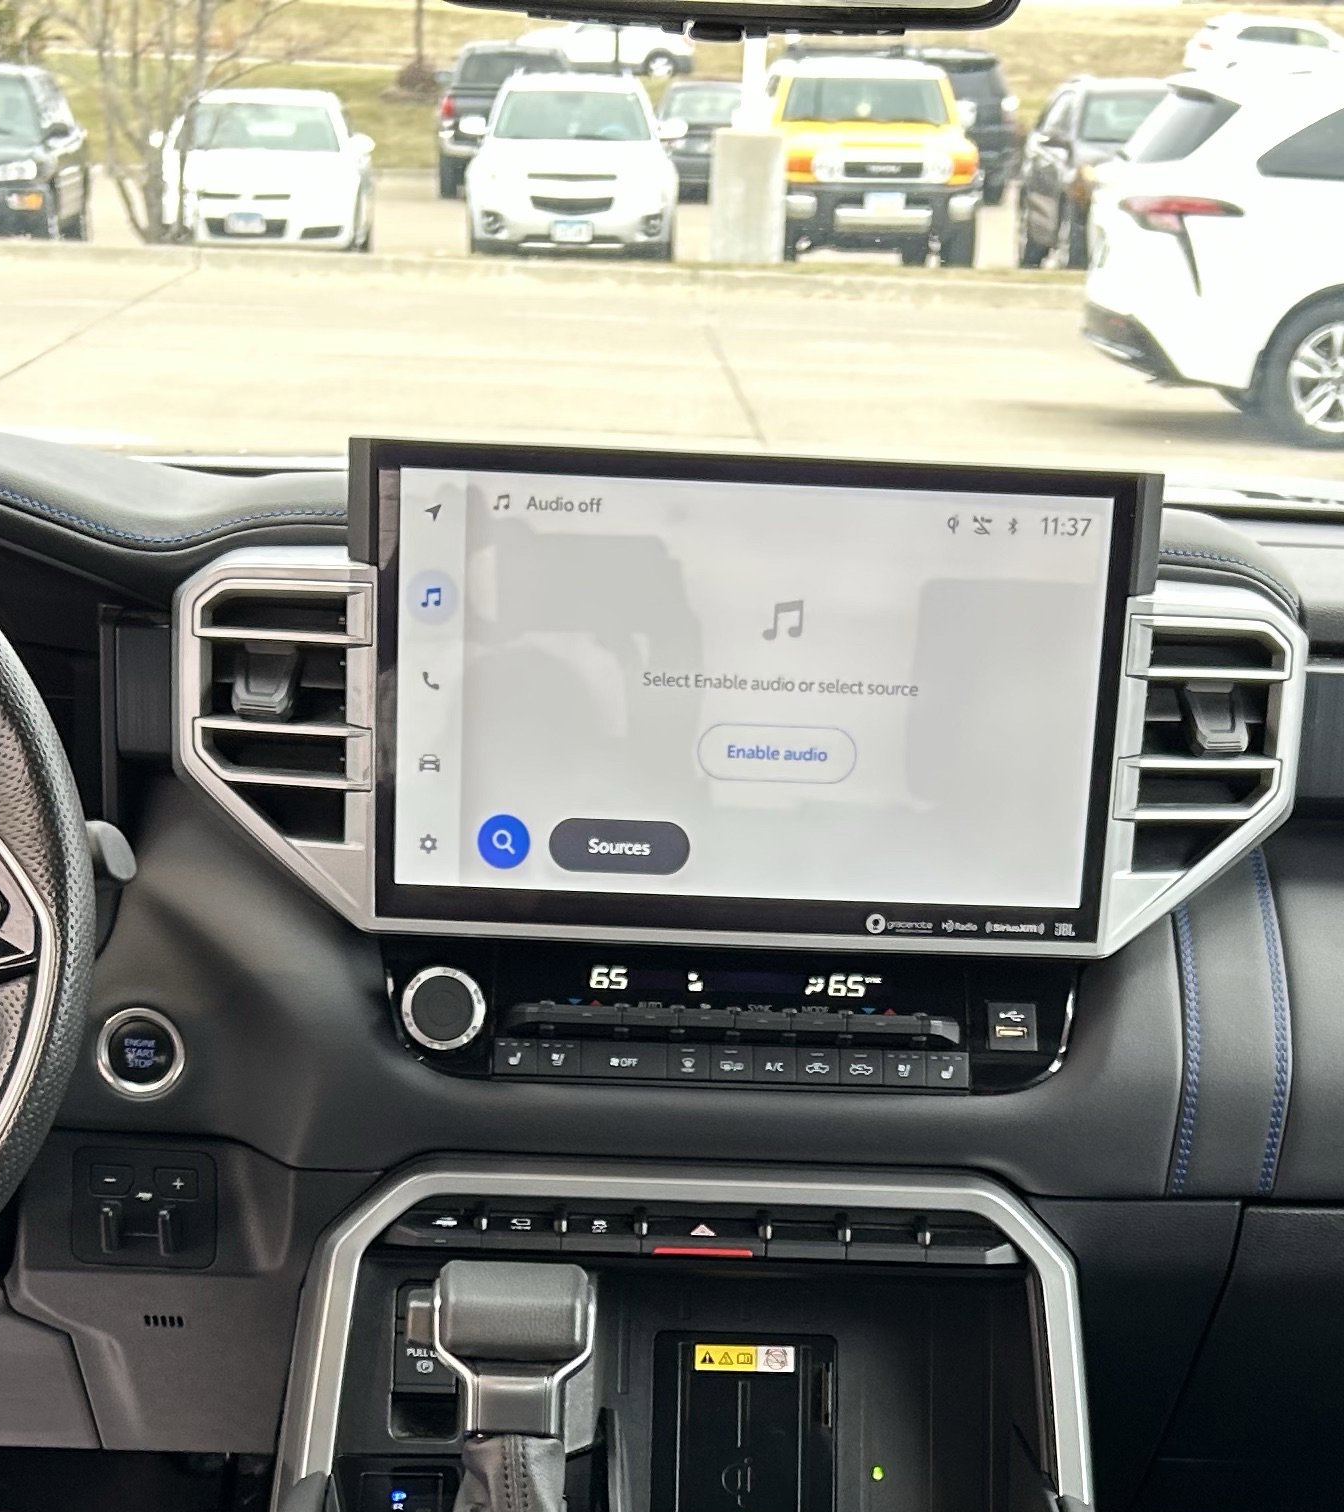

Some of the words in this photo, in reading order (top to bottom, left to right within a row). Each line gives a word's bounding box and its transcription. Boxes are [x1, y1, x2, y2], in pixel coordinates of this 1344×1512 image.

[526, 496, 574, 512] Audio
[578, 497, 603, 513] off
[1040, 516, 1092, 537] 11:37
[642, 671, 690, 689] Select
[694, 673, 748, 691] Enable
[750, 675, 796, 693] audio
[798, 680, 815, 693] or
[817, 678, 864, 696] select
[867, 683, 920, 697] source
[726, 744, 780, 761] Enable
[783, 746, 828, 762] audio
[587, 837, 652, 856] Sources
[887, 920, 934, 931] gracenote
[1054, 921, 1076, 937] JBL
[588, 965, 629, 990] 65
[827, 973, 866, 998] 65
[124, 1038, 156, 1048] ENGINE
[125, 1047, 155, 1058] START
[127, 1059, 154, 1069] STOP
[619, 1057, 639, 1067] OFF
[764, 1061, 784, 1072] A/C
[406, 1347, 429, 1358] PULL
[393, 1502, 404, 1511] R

- _What is needed_:
Repeat the listing above word for word and leave its images out.

- _Exercise output_:
Some of the words in this photo, in reading order (top to bottom, left to right within a row). Each line gives a word's bounding box and its transcription. Boxes are [x1, y1, x2, y2], in pixel coordinates of this 1344×1512 image.

[526, 496, 574, 512] Audio
[578, 497, 603, 513] off
[1040, 516, 1092, 537] 11:37
[642, 671, 690, 689] Select
[694, 673, 748, 691] Enable
[750, 675, 796, 693] audio
[798, 680, 815, 693] or
[817, 678, 864, 696] select
[867, 683, 920, 697] source
[726, 744, 780, 761] Enable
[783, 746, 828, 762] audio
[587, 837, 652, 856] Sources
[887, 920, 934, 931] gracenote
[1054, 921, 1076, 937] JBL
[588, 965, 629, 990] 65
[827, 973, 866, 998] 65
[124, 1038, 156, 1048] ENGINE
[125, 1047, 155, 1058] START
[127, 1059, 154, 1069] STOP
[619, 1057, 639, 1067] OFF
[764, 1061, 784, 1072] A/C
[406, 1347, 429, 1358] PULL
[393, 1502, 404, 1511] R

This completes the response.